> INSTRUCTIONS TO FOLLOW: Starting at the top line, return each entry word for word.

(Source records)
((

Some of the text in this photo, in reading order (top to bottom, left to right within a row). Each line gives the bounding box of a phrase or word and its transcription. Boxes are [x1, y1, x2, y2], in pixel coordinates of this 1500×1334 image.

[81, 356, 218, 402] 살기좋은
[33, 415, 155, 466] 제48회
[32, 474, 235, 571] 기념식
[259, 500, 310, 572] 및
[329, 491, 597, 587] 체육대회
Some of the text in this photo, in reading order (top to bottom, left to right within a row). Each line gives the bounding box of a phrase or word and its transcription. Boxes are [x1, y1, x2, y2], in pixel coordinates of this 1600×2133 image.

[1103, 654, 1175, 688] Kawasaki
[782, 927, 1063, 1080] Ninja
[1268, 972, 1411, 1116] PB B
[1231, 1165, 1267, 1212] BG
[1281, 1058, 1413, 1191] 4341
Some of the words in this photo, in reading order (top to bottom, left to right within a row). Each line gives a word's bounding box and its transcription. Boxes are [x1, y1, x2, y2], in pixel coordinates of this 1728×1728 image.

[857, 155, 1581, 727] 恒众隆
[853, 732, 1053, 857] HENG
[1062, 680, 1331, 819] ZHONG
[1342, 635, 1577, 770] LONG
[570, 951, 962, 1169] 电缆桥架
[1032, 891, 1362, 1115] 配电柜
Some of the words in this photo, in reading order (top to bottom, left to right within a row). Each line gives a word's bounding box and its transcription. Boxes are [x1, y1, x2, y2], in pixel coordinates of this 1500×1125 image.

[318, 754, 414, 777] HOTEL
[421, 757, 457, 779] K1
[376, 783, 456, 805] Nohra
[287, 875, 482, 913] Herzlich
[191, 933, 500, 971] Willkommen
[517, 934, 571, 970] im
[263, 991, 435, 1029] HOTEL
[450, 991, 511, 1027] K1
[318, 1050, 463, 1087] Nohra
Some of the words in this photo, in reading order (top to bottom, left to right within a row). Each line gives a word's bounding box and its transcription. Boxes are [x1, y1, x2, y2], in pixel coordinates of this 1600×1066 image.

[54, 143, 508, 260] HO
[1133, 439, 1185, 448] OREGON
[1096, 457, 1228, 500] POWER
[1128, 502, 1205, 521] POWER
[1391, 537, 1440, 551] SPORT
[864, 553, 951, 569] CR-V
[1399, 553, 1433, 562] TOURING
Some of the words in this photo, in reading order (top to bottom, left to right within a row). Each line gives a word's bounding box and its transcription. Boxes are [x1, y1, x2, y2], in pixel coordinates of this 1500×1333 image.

))

> ANSWER TO THIS EXERCISE:
Some of the text in this photo, in reading order (top to bottom, left to right within a row). Each line gives the bounding box of a phrase or word and its transcription. Boxes are [x1, y1, x2, y2], in pixel coordinates of this 1500×1334 image.

[81, 356, 218, 402] 살기좋은
[33, 415, 155, 466] 제48회
[32, 474, 235, 571] 기념식
[259, 500, 310, 572] 및
[329, 491, 597, 587] 체육대회
Some of the text in this photo, in reading order (top to bottom, left to right within a row). Each line gives the bounding box of a phrase or word and its transcription. Boxes are [x1, y1, x2, y2], in pixel coordinates of this 1600×2133 image.

[1103, 654, 1175, 688] Kawasaki
[782, 927, 1063, 1080] Ninja
[1268, 972, 1411, 1116] PB B
[1231, 1165, 1267, 1212] BG
[1281, 1058, 1413, 1191] 4341
Some of the words in this photo, in reading order (top to bottom, left to right within a row). Each line gives a word's bounding box and its transcription. Boxes are [x1, y1, x2, y2], in pixel coordinates of this 1728×1728 image.

[857, 155, 1581, 727] 恒众隆
[853, 732, 1053, 857] HENG
[1062, 680, 1331, 819] ZHONG
[1342, 635, 1577, 770] LONG
[570, 951, 962, 1169] 电缆桥架
[1032, 891, 1362, 1115] 配电柜
Some of the words in this photo, in reading order (top to bottom, left to right within a row). Each line gives a word's bounding box and its transcription. Boxes are [x1, y1, x2, y2], in pixel coordinates of this 1500×1125 image.

[318, 754, 414, 777] HOTEL
[421, 757, 457, 779] K1
[376, 783, 456, 805] Nohra
[287, 875, 482, 913] Herzlich
[191, 933, 500, 971] Willkommen
[517, 934, 571, 970] im
[263, 991, 435, 1029] HOTEL
[450, 991, 511, 1027] K1
[318, 1050, 463, 1087] Nohra
Some of the words in this photo, in reading order (top to bottom, left to right within a row). Each line gives a word's bounding box and its transcription. Boxes are [x1, y1, x2, y2], in pixel coordinates of this 1600×1066 image.

[54, 143, 508, 260] HO
[1133, 439, 1185, 448] OREGON
[1096, 457, 1228, 500] POWER
[1128, 502, 1205, 521] POWER
[1391, 537, 1440, 551] SPORT
[864, 553, 951, 569] CR-V
[1399, 553, 1433, 562] TOURING
Some of the words in this photo, in reading order (top to bottom, left to right within a row). Each line gives a word's bounding box and its transcription. Boxes are [x1, y1, x2, y2], in pixel coordinates of this 1500×1333 image.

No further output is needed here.